Development of a Nonsensitive Template for a 2D Ring vs. Square Discrimination Task

Year
2016
Author(s)
Erik Brubaker - Sandia National Laboratories
Peter Marleau - Sandia National Laboratories
Nathan Hilton - Sandia National Laboratory
Christopher J. MacGahan - University of Arizona and Sandia National Laboratories
Matthew A. Kupinski - University of Arizona
Abstract
Linear models based on the channelized Hotelling observer were applied to binary discrimination tasks for enhanced information security in arms-control treaty verification. The model applies a transforma- tion matrix to binned projection data, generating a number of channelized values that can be combined optimally to yield a decision-making test statistic. This model processes data event-by-event, with only the channelized values being updated before the detected particle’s data is purged from memory. This prevents aggregation of sensitive information. The channelizing matrix is usually optimized to maximize the separation of the test statistic distributions that arise from imaging the two sources in the task. We present a method that could enable the host and monitor to agree on a nonsensitive channelizing matrix. If the host is able to define which parameters of their object are sensitive and put a tolerance on those parameters, they can add in penalty terms into the channelizing matrix optimization routine to penalize out sensitive information. The returned channelized values and test statistic would be indistinguishable when any source with a parameter value within the declared sensitive range is measured.
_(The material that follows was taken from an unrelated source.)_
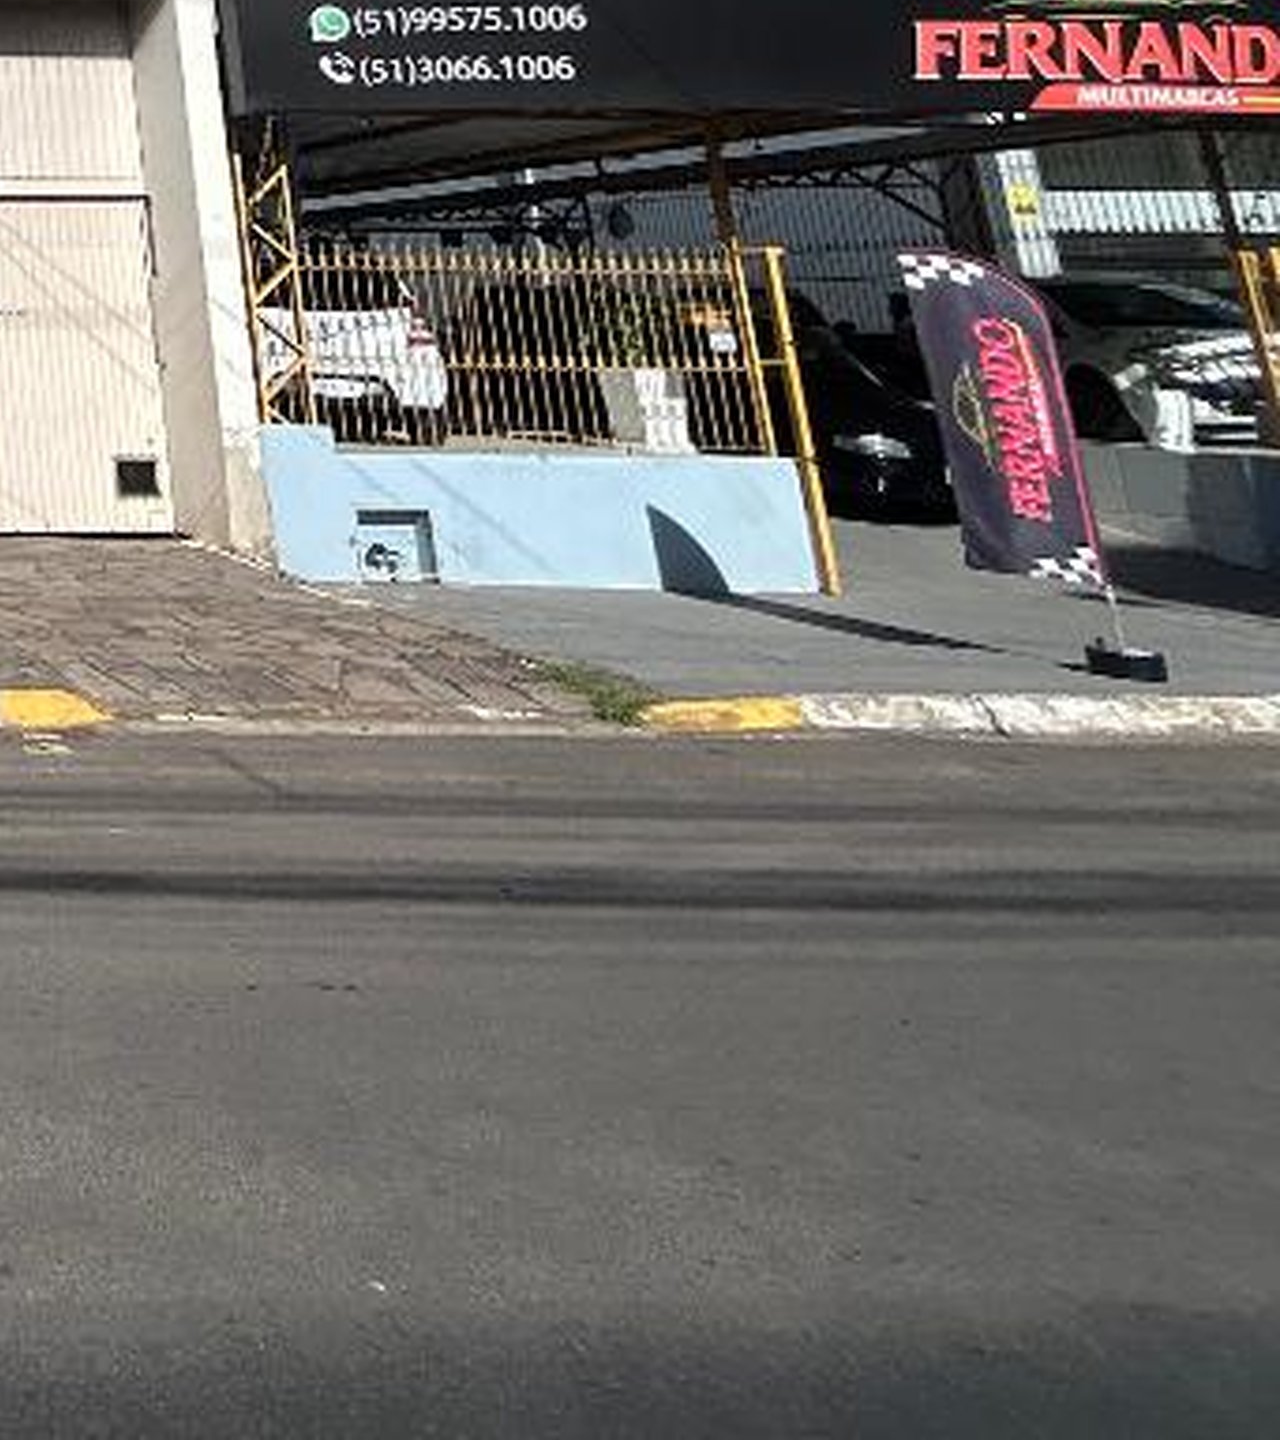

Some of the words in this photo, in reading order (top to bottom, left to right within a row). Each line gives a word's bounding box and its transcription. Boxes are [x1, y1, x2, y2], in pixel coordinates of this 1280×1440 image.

[353, 4, 588, 38] (51)99575.1006
[359, 53, 576, 87] (51)3066.1006
[1075, 86, 1240, 107] MULTIMARCAS
[971, 317, 1053, 522] FERNANDO
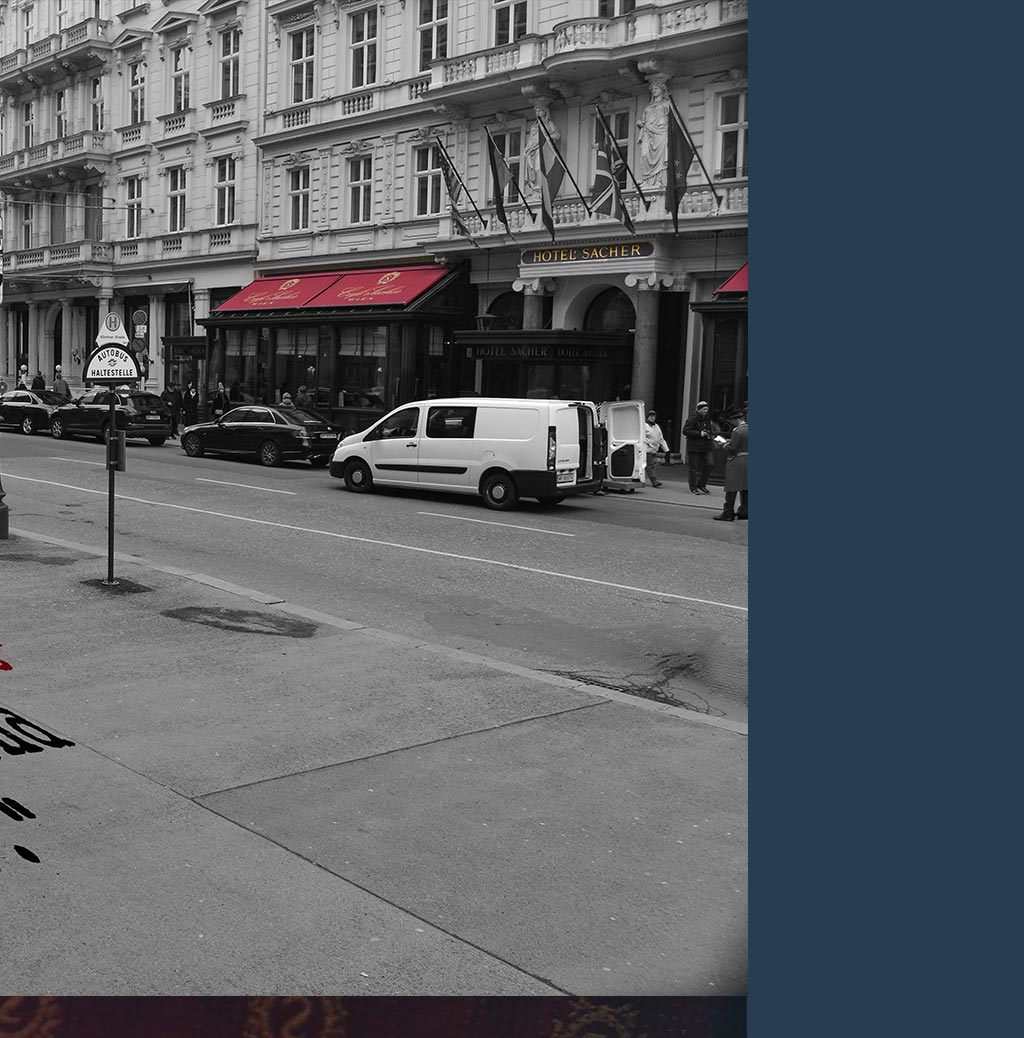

To test this method, two-dimensional sources were simulated with the GEANT4 toolkit and classification tasks were performed using MATLAB. A 20 cm diameter ring source and a 20 cm long hollowed-out square source were imaged by the fast-neutron imaging system designed by Oak Ridge National Laboratory and Sandia National Laboratories. The imaging system contains 40x40 1 cm2 liquid scintillator pixels with a plastic coded aperture. The size of the sources was treated as the sensitive parameter in these studies, with a tolerance of 4 cm put on the lengths. The model was evaluated using the area under the ROC curve. The channelizing matrix resulting from the optimization routine effectively differentiates the different source types while being unable to discriminate along the sensitive size parameter.